- Problem statement
Each record below should be repeated precisely as written.

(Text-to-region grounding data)
+---+

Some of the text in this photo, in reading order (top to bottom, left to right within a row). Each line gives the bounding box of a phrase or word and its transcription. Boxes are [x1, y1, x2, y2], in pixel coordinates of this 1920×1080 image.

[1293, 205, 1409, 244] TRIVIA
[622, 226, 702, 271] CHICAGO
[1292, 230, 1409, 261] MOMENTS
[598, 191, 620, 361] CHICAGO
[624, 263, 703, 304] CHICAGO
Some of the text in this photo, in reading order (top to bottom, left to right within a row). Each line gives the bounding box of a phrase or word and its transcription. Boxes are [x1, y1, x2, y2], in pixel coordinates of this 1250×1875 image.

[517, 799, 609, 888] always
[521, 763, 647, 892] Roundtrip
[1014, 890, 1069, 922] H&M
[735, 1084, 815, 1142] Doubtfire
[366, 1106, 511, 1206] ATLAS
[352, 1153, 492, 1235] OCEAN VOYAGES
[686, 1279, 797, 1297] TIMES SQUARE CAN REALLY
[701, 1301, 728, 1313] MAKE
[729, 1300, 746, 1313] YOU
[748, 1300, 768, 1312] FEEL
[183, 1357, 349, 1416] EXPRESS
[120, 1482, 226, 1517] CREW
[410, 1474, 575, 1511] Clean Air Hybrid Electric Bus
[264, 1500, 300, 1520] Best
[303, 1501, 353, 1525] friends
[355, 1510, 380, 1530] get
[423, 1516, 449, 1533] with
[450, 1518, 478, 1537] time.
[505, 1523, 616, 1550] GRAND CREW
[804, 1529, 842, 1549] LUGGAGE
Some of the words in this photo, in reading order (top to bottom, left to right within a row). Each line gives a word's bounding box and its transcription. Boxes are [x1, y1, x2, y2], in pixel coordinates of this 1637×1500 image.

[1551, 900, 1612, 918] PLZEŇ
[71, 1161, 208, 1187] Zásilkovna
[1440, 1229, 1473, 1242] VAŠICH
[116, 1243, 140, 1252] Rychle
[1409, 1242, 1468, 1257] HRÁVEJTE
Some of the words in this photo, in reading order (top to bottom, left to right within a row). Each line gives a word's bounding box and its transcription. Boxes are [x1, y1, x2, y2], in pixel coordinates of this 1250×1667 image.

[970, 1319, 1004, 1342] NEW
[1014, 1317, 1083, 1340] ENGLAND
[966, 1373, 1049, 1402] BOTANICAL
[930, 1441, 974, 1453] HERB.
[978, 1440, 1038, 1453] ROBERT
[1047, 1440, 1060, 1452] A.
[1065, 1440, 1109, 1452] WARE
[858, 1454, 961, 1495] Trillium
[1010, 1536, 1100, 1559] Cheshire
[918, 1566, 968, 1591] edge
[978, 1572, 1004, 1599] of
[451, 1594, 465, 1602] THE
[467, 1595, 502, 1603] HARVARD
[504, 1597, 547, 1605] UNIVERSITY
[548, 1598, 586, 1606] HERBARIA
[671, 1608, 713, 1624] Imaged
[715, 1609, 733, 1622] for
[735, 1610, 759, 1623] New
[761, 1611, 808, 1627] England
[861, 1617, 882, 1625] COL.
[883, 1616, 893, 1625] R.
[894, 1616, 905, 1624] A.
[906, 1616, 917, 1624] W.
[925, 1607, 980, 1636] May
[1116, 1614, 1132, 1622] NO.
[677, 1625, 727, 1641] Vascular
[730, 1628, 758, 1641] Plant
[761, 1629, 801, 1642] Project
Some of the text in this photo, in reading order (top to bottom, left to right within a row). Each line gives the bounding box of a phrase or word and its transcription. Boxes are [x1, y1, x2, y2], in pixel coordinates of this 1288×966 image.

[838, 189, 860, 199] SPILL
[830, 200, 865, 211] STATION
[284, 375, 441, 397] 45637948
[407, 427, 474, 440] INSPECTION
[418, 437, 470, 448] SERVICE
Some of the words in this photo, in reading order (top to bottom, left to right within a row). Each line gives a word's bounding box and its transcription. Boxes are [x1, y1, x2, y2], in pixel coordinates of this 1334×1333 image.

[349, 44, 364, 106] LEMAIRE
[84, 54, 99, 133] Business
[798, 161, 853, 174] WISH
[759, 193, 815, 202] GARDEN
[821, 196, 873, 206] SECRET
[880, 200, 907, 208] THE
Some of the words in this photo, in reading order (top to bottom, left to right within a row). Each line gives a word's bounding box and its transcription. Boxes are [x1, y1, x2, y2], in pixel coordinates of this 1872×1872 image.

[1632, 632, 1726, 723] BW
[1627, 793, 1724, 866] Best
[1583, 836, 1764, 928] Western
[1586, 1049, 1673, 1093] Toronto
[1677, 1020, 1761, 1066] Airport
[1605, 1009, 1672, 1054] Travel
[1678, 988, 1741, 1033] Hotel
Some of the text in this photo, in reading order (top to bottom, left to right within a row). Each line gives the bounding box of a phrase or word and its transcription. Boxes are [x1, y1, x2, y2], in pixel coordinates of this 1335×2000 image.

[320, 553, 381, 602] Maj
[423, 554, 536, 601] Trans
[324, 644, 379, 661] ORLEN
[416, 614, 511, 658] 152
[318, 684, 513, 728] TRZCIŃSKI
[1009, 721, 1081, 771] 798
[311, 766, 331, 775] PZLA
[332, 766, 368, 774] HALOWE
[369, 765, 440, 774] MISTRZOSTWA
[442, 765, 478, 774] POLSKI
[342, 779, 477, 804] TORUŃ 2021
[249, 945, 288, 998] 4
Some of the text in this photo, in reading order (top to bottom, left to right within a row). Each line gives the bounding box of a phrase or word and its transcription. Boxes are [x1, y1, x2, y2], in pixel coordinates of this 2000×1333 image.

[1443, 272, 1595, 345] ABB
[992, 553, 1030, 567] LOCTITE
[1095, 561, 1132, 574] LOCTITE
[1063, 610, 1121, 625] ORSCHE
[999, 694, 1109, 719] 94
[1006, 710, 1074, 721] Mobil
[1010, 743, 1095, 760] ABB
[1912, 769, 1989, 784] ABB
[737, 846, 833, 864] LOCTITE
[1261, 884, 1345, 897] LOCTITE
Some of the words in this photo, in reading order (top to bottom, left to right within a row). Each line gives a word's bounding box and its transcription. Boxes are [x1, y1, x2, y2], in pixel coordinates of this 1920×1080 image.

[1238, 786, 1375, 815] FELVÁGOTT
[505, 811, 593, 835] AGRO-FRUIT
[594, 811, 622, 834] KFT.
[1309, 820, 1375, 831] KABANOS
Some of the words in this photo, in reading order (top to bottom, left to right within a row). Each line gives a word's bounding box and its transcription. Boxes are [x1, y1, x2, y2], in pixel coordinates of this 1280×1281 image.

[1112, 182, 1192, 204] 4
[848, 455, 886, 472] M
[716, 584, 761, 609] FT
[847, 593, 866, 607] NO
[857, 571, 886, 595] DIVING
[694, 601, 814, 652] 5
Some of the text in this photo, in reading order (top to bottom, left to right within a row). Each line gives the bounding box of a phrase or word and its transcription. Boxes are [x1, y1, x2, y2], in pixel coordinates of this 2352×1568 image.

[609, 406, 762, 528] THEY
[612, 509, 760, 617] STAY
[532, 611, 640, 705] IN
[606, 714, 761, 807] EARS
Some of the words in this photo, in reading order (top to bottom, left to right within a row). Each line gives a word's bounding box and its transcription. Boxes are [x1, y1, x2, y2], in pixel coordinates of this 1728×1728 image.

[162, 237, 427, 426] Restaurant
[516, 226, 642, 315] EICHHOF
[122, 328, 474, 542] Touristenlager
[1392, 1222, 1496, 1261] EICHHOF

+---+

- Exercise response
Some of the text in this photo, in reading order (top to bottom, left to right within a row). Each line gives the bounding box of a phrase or word and its transcription. Boxes are [x1, y1, x2, y2], in pixel coordinates of this 1920×1080 image.

[1293, 205, 1409, 244] TRIVIA
[622, 226, 702, 271] CHICAGO
[1292, 230, 1409, 261] MOMENTS
[598, 191, 620, 361] CHICAGO
[624, 263, 703, 304] CHICAGO
Some of the text in this photo, in reading order (top to bottom, left to right within a row). Each line gives the bounding box of a phrase or word and its transcription. Boxes are [x1, y1, x2, y2], in pixel coordinates of this 1250×1875 image.

[517, 799, 609, 888] always
[521, 763, 647, 892] Roundtrip
[1014, 890, 1069, 922] H&M
[735, 1084, 815, 1142] Doubtfire
[366, 1106, 511, 1206] ATLAS
[352, 1153, 492, 1235] OCEAN VOYAGES
[686, 1279, 797, 1297] TIMES SQUARE CAN REALLY
[701, 1301, 728, 1313] MAKE
[729, 1300, 746, 1313] YOU
[748, 1300, 768, 1312] FEEL
[183, 1357, 349, 1416] EXPRESS
[120, 1482, 226, 1517] CREW
[410, 1474, 575, 1511] Clean Air Hybrid Electric Bus
[264, 1500, 300, 1520] Best
[303, 1501, 353, 1525] friends
[355, 1510, 380, 1530] get
[423, 1516, 449, 1533] with
[450, 1518, 478, 1537] time.
[505, 1523, 616, 1550] GRAND CREW
[804, 1529, 842, 1549] LUGGAGE
Some of the words in this photo, in reading order (top to bottom, left to right within a row). Each line gives a word's bounding box and its transcription. Boxes are [x1, y1, x2, y2], in pixel coordinates of this 1637×1500 image.

[1551, 900, 1612, 918] PLZEŇ
[71, 1161, 208, 1187] Zásilkovna
[1440, 1229, 1473, 1242] VAŠICH
[116, 1243, 140, 1252] Rychle
[1409, 1242, 1468, 1257] HRÁVEJTE
Some of the words in this photo, in reading order (top to bottom, left to right within a row). Each line gives a word's bounding box and its transcription. Boxes are [x1, y1, x2, y2], in pixel coordinates of this 1250×1667 image.

[970, 1319, 1004, 1342] NEW
[1014, 1317, 1083, 1340] ENGLAND
[966, 1373, 1049, 1402] BOTANICAL
[930, 1441, 974, 1453] HERB.
[978, 1440, 1038, 1453] ROBERT
[1047, 1440, 1060, 1452] A.
[1065, 1440, 1109, 1452] WARE
[858, 1454, 961, 1495] Trillium
[1010, 1536, 1100, 1559] Cheshire
[918, 1566, 968, 1591] edge
[978, 1572, 1004, 1599] of
[451, 1594, 465, 1602] THE
[467, 1595, 502, 1603] HARVARD
[504, 1597, 547, 1605] UNIVERSITY
[548, 1598, 586, 1606] HERBARIA
[671, 1608, 713, 1624] Imaged
[715, 1609, 733, 1622] for
[735, 1610, 759, 1623] New
[761, 1611, 808, 1627] England
[861, 1617, 882, 1625] COL.
[883, 1616, 893, 1625] R.
[894, 1616, 905, 1624] A.
[906, 1616, 917, 1624] W.
[925, 1607, 980, 1636] May
[1116, 1614, 1132, 1622] NO.
[677, 1625, 727, 1641] Vascular
[730, 1628, 758, 1641] Plant
[761, 1629, 801, 1642] Project
Some of the text in this photo, in reading order (top to bottom, left to right within a row). Each line gives the bounding box of a phrase or word and its transcription. Boxes are [x1, y1, x2, y2], in pixel coordinates of this 1288×966 image.

[838, 189, 860, 199] SPILL
[830, 200, 865, 211] STATION
[284, 375, 441, 397] 45637948
[407, 427, 474, 440] INSPECTION
[418, 437, 470, 448] SERVICE
Some of the words in this photo, in reading order (top to bottom, left to right within a row). Each line gives a word's bounding box and its transcription. Boxes are [x1, y1, x2, y2], in pixel coordinates of this 1334×1333 image.

[349, 44, 364, 106] LEMAIRE
[84, 54, 99, 133] Business
[798, 161, 853, 174] WISH
[759, 193, 815, 202] GARDEN
[821, 196, 873, 206] SECRET
[880, 200, 907, 208] THE
Some of the words in this photo, in reading order (top to bottom, left to right within a row). Each line gives a word's bounding box and its transcription. Boxes are [x1, y1, x2, y2], in pixel coordinates of this 1872×1872 image.

[1632, 632, 1726, 723] BW
[1627, 793, 1724, 866] Best
[1583, 836, 1764, 928] Western
[1586, 1049, 1673, 1093] Toronto
[1677, 1020, 1761, 1066] Airport
[1605, 1009, 1672, 1054] Travel
[1678, 988, 1741, 1033] Hotel
Some of the text in this photo, in reading order (top to bottom, left to right within a row). Each line gives the bounding box of a phrase or word and its transcription. Boxes are [x1, y1, x2, y2], in pixel coordinates of this 1335×2000 image.

[320, 553, 381, 602] Maj
[423, 554, 536, 601] Trans
[324, 644, 379, 661] ORLEN
[416, 614, 511, 658] 152
[318, 684, 513, 728] TRZCIŃSKI
[1009, 721, 1081, 771] 798
[311, 766, 331, 775] PZLA
[332, 766, 368, 774] HALOWE
[369, 765, 440, 774] MISTRZOSTWA
[442, 765, 478, 774] POLSKI
[342, 779, 477, 804] TORUŃ 2021
[249, 945, 288, 998] 4
Some of the text in this photo, in reading order (top to bottom, left to right within a row). Each line gives the bounding box of a phrase or word and its transcription. Boxes are [x1, y1, x2, y2], in pixel coordinates of this 2000×1333 image.

[1443, 272, 1595, 345] ABB
[992, 553, 1030, 567] LOCTITE
[1095, 561, 1132, 574] LOCTITE
[1063, 610, 1121, 625] ORSCHE
[999, 694, 1109, 719] 94
[1006, 710, 1074, 721] Mobil
[1010, 743, 1095, 760] ABB
[1912, 769, 1989, 784] ABB
[737, 846, 833, 864] LOCTITE
[1261, 884, 1345, 897] LOCTITE
Some of the words in this photo, in reading order (top to bottom, left to right within a row). Each line gives a word's bounding box and its transcription. Boxes are [x1, y1, x2, y2], in pixel coordinates of this 1920×1080 image.

[1238, 786, 1375, 815] FELVÁGOTT
[505, 811, 593, 835] AGRO-FRUIT
[594, 811, 622, 834] KFT.
[1309, 820, 1375, 831] KABANOS
Some of the words in this photo, in reading order (top to bottom, left to right within a row). Each line gives a word's bounding box and its transcription. Boxes are [x1, y1, x2, y2], in pixel coordinates of this 1280×1281 image.

[1112, 182, 1192, 204] 4
[848, 455, 886, 472] M
[716, 584, 761, 609] FT
[847, 593, 866, 607] NO
[857, 571, 886, 595] DIVING
[694, 601, 814, 652] 5
Some of the text in this photo, in reading order (top to bottom, left to right within a row). Each line gives the bounding box of a phrase or word and its transcription. Boxes are [x1, y1, x2, y2], in pixel coordinates of this 2352×1568 image.

[609, 406, 762, 528] THEY
[612, 509, 760, 617] STAY
[532, 611, 640, 705] IN
[606, 714, 761, 807] EARS
Some of the words in this photo, in reading order (top to bottom, left to right within a row). Each line gives a word's bounding box and its transcription. Boxes are [x1, y1, x2, y2], in pixel coordinates of this 1728×1728 image.

[162, 237, 427, 426] Restaurant
[516, 226, 642, 315] EICHHOF
[122, 328, 474, 542] Touristenlager
[1392, 1222, 1496, 1261] EICHHOF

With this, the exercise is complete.